Researcher's Tool Catches Net Neutrality Cheaters 131
Sparrowvsrevolution writes "At the Black Hat security conference in Las Vegas Wednesday, researcher Dan Kaminsky announced he will release a free software tool for detecting when an Internet service provider is artificially slowing down or speeding up traffic to and from a website, a tool he is calling N00ter, or 'neutral router.' N00ter functions like a VPN, routing traffic through a proxy and disguising its source and destination. But instead of encrypting the traffic in both directions as VPNs do, it instead spoofs the traffic from a Web site to a user to make it seem to be coming from any Web site that the user wants to test. That traffic can be compared with a normal connection to the N00ter server without a spoofed IP address, to spot any artificial changes in speed."
Re:Very cool tool (Score:4, Insightful)
And where will these Neutral ISPs get all their bandwidth? Why, from the big telcos, and we're back to square one.

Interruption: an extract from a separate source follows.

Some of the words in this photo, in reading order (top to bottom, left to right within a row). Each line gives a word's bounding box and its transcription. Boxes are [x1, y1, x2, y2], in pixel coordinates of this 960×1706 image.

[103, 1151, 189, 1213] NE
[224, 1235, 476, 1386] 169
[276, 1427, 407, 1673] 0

You can believe whatever you want to about "violent states", but I believe that strict regulation with competition provides the best service. Letting private companies do what they like provides only chicancery, poorer services, and ultimately the collapse or failure of the entire system.
The "violent state" needs to step in and tell the Big Telcos how high to jump. If they object, they can simply surrender their operating licences and go home, and the government can take their assets into custodianship in the national interest. This is a responsible way to run an essential public utility and not dissimilar to the way banks are run--in the US at least.

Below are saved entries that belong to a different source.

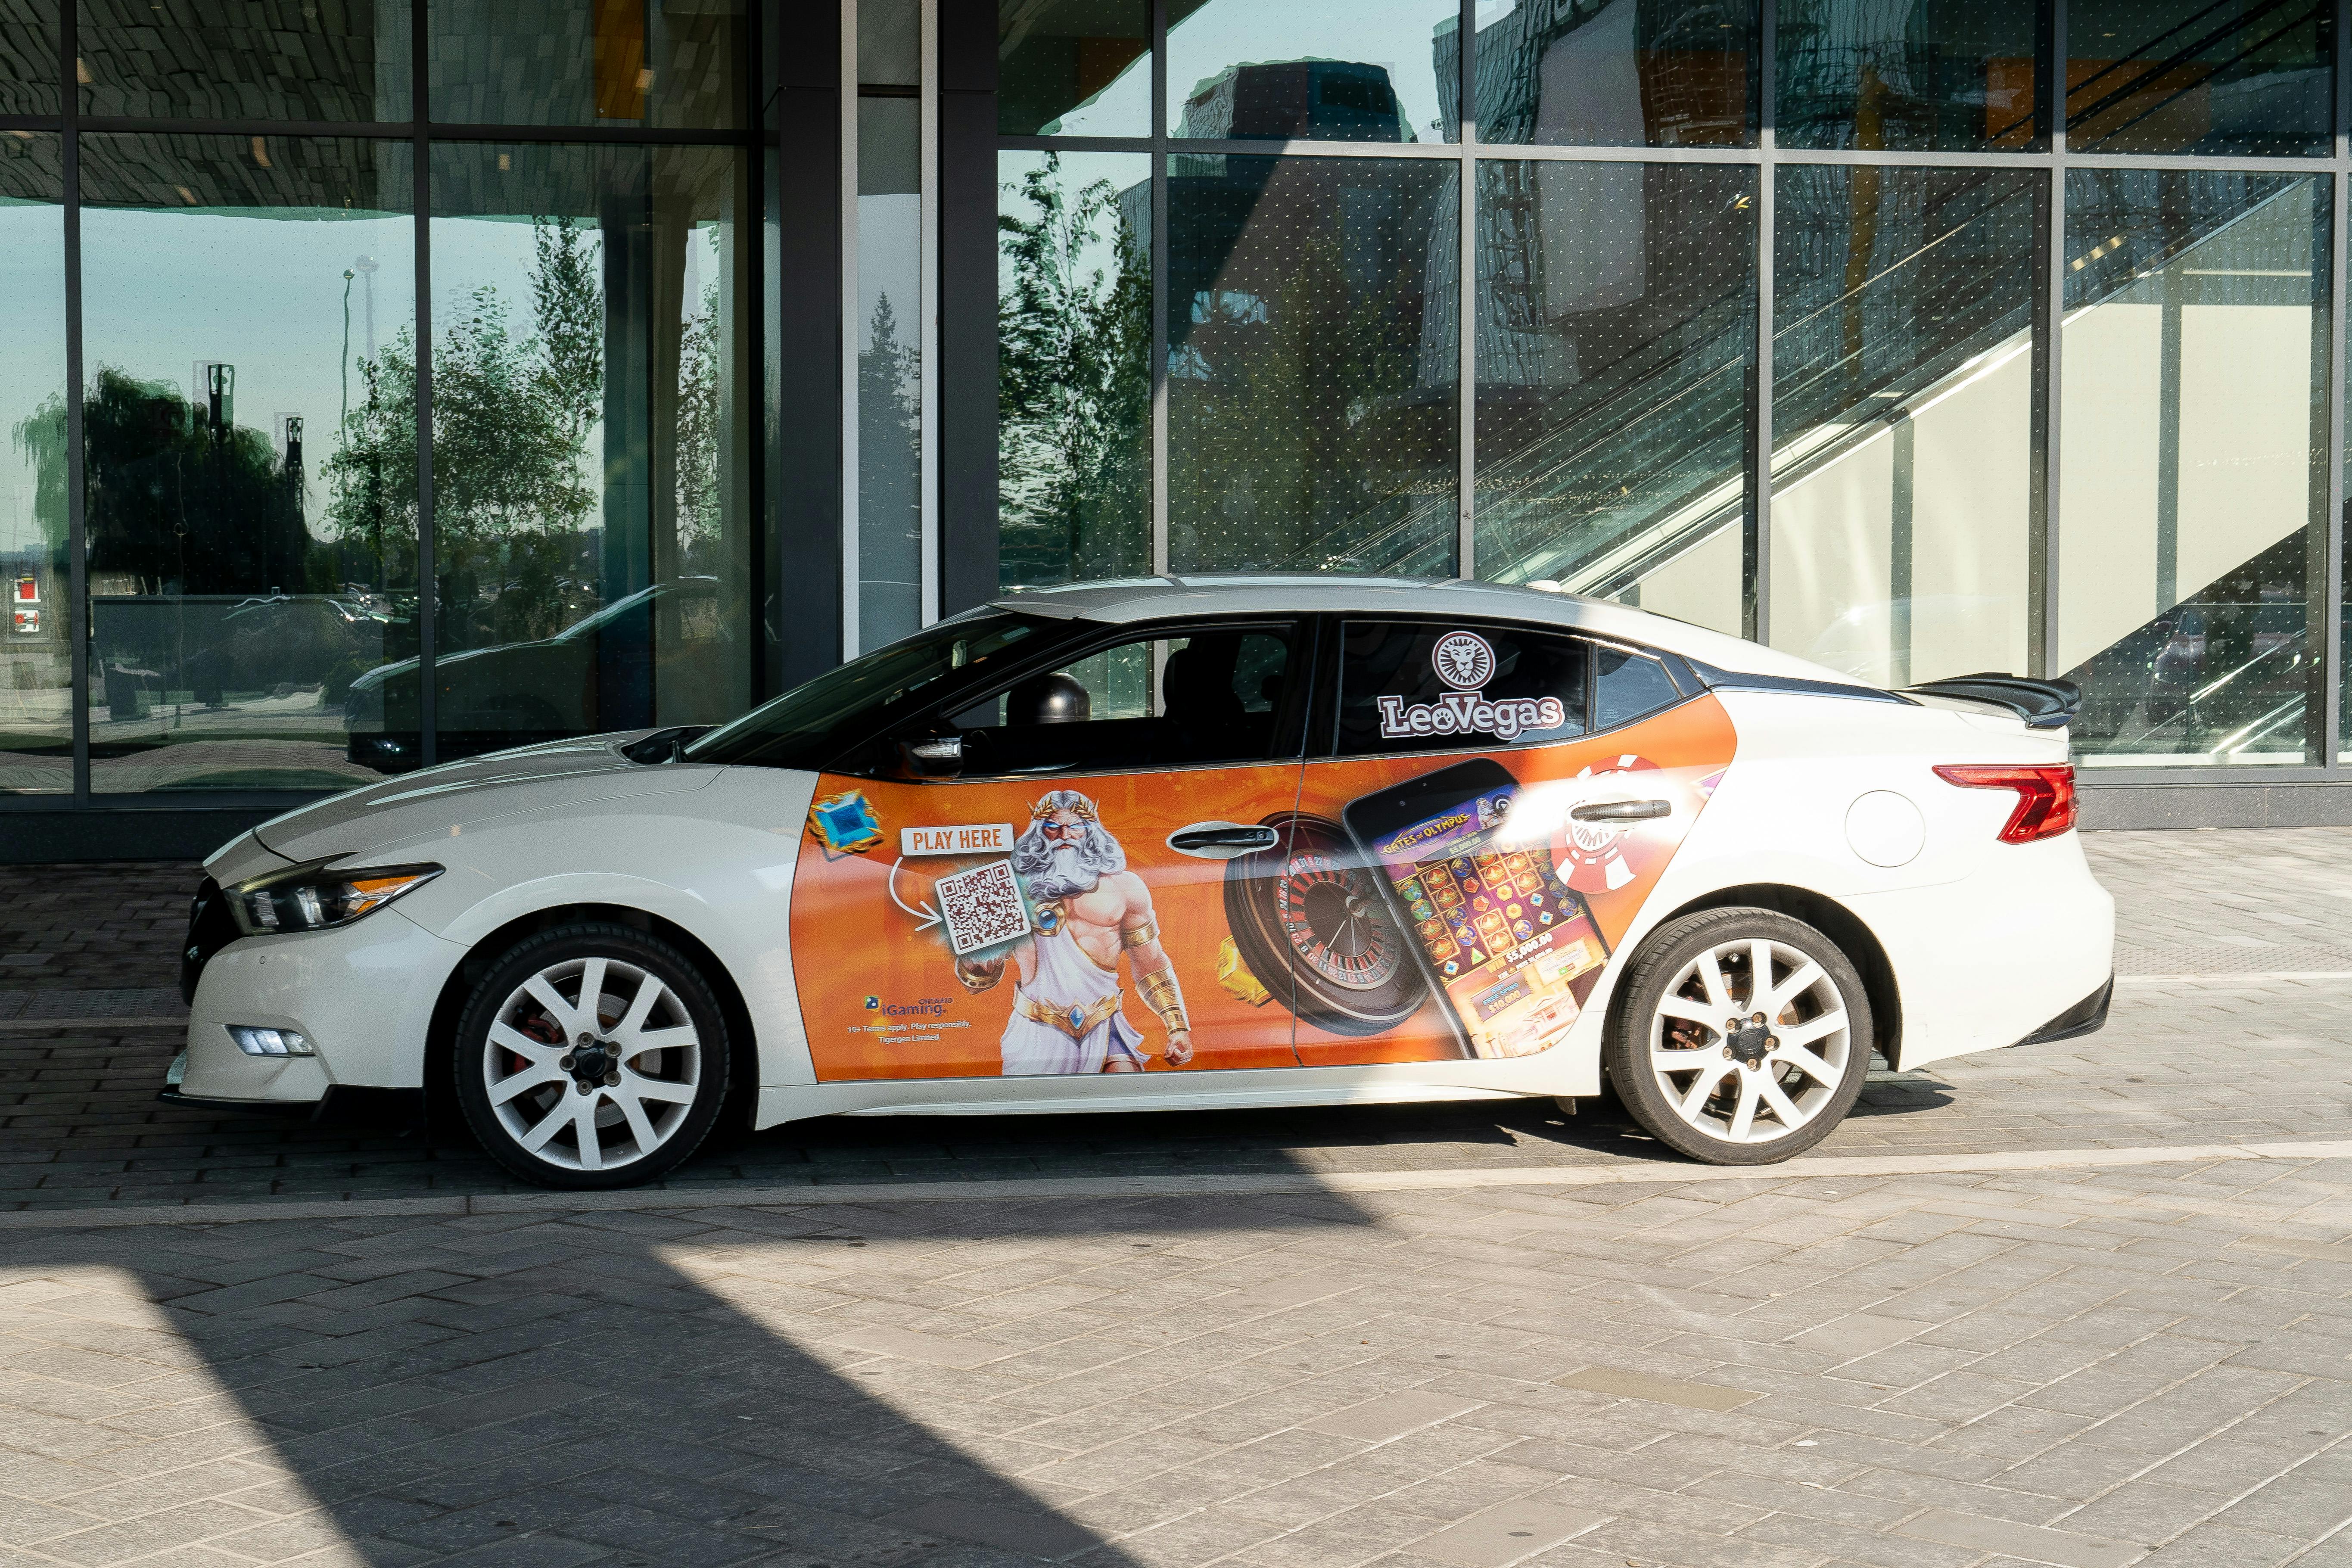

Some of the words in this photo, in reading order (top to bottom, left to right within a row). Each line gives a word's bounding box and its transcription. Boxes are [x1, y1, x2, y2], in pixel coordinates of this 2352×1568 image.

[1377, 691, 1565, 740] LeoVegas
[1383, 834, 1418, 853] GATES
[1423, 813, 1468, 838] OLYMPUS
[913, 831, 953, 850] PLAY
[959, 829, 1002, 849] HERE
[1298, 857, 1308, 868] 31
[1307, 857, 1314, 866] 9
[1314, 856, 1323, 866] 22
[1506, 933, 1553, 963] $5,000.00
[882, 1004, 943, 1017] iGaming
[887, 1024, 909, 1032] apply.
[910, 1022, 927, 1031] Play
[927, 1020, 972, 1030] responsibly.
[878, 1036, 911, 1044] Tigergen
[912, 1033, 941, 1042] Limited.

Re:Very cool tool (Score:4, Insightful)
There is a difference between throttling (which absolutely is net neutral) and throttling to a specific website (which is not net neutral). I point this out because without fail, people here always conflate the two and mistakenly believe all throttling is both bad and non-neutral.
Re:Very cool tool (Score:4, Insightful)
There is a great deal that is "inherently bad" about throttling. It adds complexity and phase delay to all network traffic, it often creates new single points of failure to force the traffic through the relevant "traffic shaping" device, and it's quite expensive to implement in hardware and to maintain.
Its actual use is often to protect over-committed networks from actually providing the paid for connectivity to all customers. It's often badly implemented and interferes with latency sensitive traffic such as the very games and video for which customers pay high bandwidth prices, And it's often tied to routing manipulation, where the BGP tables of the routers are manipulated to channel traffic through the less expensive but poorly connected routes owned by your local carrier, degrading overall connectivity, and to channel traffic through the traffic shaping servers themselves. The results are chaotic for customers.